In this case, plaintiff
contends that [defendant] Beane created an offensive sexualized work environment by, in sum, engaging in simulated sexual activities with a male friend in front of plaintiff, presenting him with sexual objects and pornographic videos, sharing his interest in naked yoga for men and his experiences at nude and gay beaches, asking invasive questions about plaintiff’s sexual orientation and relationships, being overly interested in gay culture and making unwelcome inquiries about plaintiff’s participation as an openly gay man in gay events. Beane testified that no sexual activities occurred, no sex tapes or pornographic materials were given to plaintiff, and any discussions about plaintiff’s activities as a gay man were initiated by plaintiff.

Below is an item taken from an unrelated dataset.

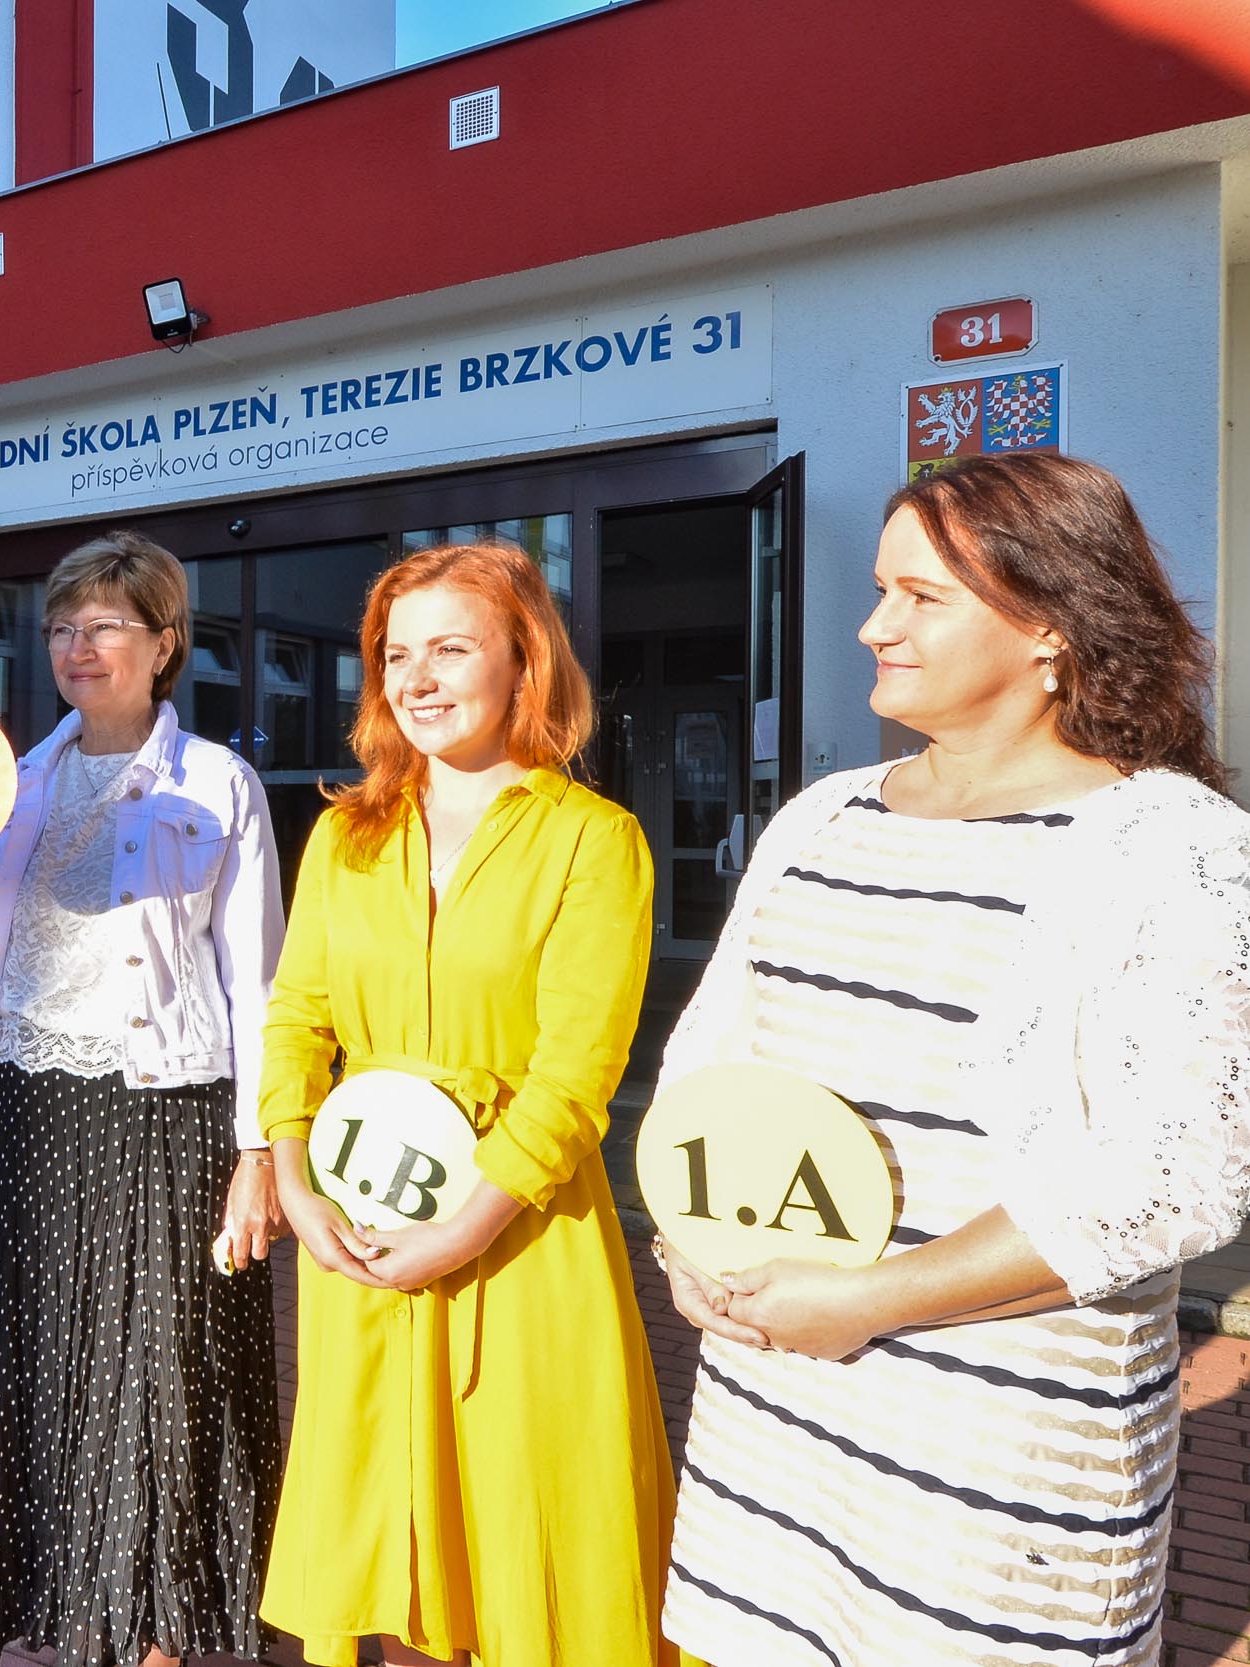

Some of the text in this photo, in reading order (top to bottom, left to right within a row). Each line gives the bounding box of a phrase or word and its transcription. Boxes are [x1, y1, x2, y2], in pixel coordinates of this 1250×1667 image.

The court concluded that “[t]he sharply divergent testimony of plaintiff and Beane as to what occurred presents classic credibility issues not properly assessed or decided on this motion” and that “[p]laintiff’s sworn testimony that Beane’s offensive conduct included simulated sexual activities and gestures, repeated sex-based remarks, and unwelcome inquiries into plaintiff’s sexual orientation and gay activities, is sufficient to raise a question of fact as to whether plaintiff was subjected to a hostile work environment based on sexual orientation.”